---------- Data for analysis

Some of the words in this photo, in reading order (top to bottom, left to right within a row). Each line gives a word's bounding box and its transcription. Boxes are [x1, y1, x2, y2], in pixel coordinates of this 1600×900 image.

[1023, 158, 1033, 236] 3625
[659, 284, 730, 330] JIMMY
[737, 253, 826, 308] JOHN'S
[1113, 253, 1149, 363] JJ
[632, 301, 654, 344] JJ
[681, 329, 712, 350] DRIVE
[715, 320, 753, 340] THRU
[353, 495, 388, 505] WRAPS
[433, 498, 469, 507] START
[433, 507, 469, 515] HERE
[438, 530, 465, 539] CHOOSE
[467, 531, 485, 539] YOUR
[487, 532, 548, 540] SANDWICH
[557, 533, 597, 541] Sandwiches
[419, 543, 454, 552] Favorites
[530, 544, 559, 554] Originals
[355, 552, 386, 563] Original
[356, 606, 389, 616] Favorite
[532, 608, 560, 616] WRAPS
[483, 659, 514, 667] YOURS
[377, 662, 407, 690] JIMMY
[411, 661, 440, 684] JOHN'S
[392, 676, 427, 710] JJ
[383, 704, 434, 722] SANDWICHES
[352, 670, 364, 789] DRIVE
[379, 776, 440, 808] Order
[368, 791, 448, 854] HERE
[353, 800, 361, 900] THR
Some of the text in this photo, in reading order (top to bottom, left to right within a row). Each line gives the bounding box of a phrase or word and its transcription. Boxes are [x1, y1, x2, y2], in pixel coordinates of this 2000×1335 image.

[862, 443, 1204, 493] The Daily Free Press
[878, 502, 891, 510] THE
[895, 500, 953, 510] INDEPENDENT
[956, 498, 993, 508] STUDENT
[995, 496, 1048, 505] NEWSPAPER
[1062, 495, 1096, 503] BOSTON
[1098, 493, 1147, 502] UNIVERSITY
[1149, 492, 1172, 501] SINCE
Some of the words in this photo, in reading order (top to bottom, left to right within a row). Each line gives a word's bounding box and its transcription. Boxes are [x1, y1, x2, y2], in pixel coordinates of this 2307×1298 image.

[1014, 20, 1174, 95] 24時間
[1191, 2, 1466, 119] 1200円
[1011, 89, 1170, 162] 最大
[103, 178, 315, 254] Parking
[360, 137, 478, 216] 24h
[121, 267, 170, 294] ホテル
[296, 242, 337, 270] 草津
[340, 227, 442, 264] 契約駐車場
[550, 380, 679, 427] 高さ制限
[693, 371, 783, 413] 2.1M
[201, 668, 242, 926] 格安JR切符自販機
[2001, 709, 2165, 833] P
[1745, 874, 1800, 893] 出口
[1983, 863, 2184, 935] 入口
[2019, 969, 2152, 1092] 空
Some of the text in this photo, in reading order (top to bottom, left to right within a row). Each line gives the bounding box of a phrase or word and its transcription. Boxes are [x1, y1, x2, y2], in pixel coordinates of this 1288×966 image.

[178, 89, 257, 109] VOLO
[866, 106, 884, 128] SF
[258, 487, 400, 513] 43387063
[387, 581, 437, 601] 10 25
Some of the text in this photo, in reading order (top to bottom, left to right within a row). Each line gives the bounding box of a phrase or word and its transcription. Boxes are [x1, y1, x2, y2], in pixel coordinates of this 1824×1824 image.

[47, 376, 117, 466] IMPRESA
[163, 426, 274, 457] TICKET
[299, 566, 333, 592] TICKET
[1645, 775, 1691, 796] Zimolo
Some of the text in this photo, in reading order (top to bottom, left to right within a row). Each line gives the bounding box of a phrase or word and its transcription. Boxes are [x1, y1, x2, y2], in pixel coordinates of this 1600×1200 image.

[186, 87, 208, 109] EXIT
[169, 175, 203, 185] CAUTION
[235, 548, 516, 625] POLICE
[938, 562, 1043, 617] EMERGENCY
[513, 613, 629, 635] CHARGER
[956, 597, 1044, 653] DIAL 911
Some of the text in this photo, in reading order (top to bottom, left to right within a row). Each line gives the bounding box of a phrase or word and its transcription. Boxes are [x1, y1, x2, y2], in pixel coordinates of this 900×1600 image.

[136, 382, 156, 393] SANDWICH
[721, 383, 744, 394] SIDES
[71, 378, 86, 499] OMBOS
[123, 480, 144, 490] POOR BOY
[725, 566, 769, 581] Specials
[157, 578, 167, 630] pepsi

--------------------

Task statement:
The full set of entries must be printed again without any alteration.

Worked solution:
Some of the words in this photo, in reading order (top to bottom, left to right within a row). Each line gives a word's bounding box and its transcription. Boxes are [x1, y1, x2, y2], in pixel coordinates of this 1600×900 image.

[1023, 158, 1033, 236] 3625
[659, 284, 730, 330] JIMMY
[737, 253, 826, 308] JOHN'S
[1113, 253, 1149, 363] JJ
[632, 301, 654, 344] JJ
[681, 329, 712, 350] DRIVE
[715, 320, 753, 340] THRU
[353, 495, 388, 505] WRAPS
[433, 498, 469, 507] START
[433, 507, 469, 515] HERE
[438, 530, 465, 539] CHOOSE
[467, 531, 485, 539] YOUR
[487, 532, 548, 540] SANDWICH
[557, 533, 597, 541] Sandwiches
[419, 543, 454, 552] Favorites
[530, 544, 559, 554] Originals
[355, 552, 386, 563] Original
[356, 606, 389, 616] Favorite
[532, 608, 560, 616] WRAPS
[483, 659, 514, 667] YOURS
[377, 662, 407, 690] JIMMY
[411, 661, 440, 684] JOHN'S
[392, 676, 427, 710] JJ
[383, 704, 434, 722] SANDWICHES
[352, 670, 364, 789] DRIVE
[379, 776, 440, 808] Order
[368, 791, 448, 854] HERE
[353, 800, 361, 900] THR
Some of the text in this photo, in reading order (top to bottom, left to right within a row). Each line gives the bounding box of a phrase or word and its transcription. Boxes are [x1, y1, x2, y2], in pixel coordinates of this 2000×1335 image.

[862, 443, 1204, 493] The Daily Free Press
[878, 502, 891, 510] THE
[895, 500, 953, 510] INDEPENDENT
[956, 498, 993, 508] STUDENT
[995, 496, 1048, 505] NEWSPAPER
[1062, 495, 1096, 503] BOSTON
[1098, 493, 1147, 502] UNIVERSITY
[1149, 492, 1172, 501] SINCE
Some of the words in this photo, in reading order (top to bottom, left to right within a row). Each line gives a word's bounding box and its transcription. Boxes are [x1, y1, x2, y2], in pixel coordinates of this 2307×1298 image.

[1014, 20, 1174, 95] 24時間
[1191, 2, 1466, 119] 1200円
[1011, 89, 1170, 162] 最大
[103, 178, 315, 254] Parking
[360, 137, 478, 216] 24h
[121, 267, 170, 294] ホテル
[296, 242, 337, 270] 草津
[340, 227, 442, 264] 契約駐車場
[550, 380, 679, 427] 高さ制限
[693, 371, 783, 413] 2.1M
[201, 668, 242, 926] 格安JR切符自販機
[2001, 709, 2165, 833] P
[1745, 874, 1800, 893] 出口
[1983, 863, 2184, 935] 入口
[2019, 969, 2152, 1092] 空
Some of the text in this photo, in reading order (top to bottom, left to right within a row). Each line gives the bounding box of a phrase or word and its transcription. Boxes are [x1, y1, x2, y2], in pixel coordinates of this 1288×966 image.

[178, 89, 257, 109] VOLO
[866, 106, 884, 128] SF
[258, 487, 400, 513] 43387063
[387, 581, 437, 601] 10 25
Some of the text in this photo, in reading order (top to bottom, left to right within a row). Each line gives the bounding box of a phrase or word and its transcription. Boxes are [x1, y1, x2, y2], in pixel coordinates of this 1824×1824 image.

[47, 376, 117, 466] IMPRESA
[163, 426, 274, 457] TICKET
[299, 566, 333, 592] TICKET
[1645, 775, 1691, 796] Zimolo
Some of the text in this photo, in reading order (top to bottom, left to right within a row). Each line gives the bounding box of a phrase or word and its transcription. Boxes are [x1, y1, x2, y2], in pixel coordinates of this 1600×1200 image.

[186, 87, 208, 109] EXIT
[169, 175, 203, 185] CAUTION
[235, 548, 516, 625] POLICE
[938, 562, 1043, 617] EMERGENCY
[513, 613, 629, 635] CHARGER
[956, 597, 1044, 653] DIAL 911
Some of the text in this photo, in reading order (top to bottom, left to right within a row). Each line gives the bounding box of a phrase or word and its transcription. Boxes are [x1, y1, x2, y2], in pixel coordinates of this 900×1600 image.

[136, 382, 156, 393] SANDWICH
[721, 383, 744, 394] SIDES
[71, 378, 86, 499] OMBOS
[123, 480, 144, 490] POOR BOY
[725, 566, 769, 581] Specials
[157, 578, 167, 630] pepsi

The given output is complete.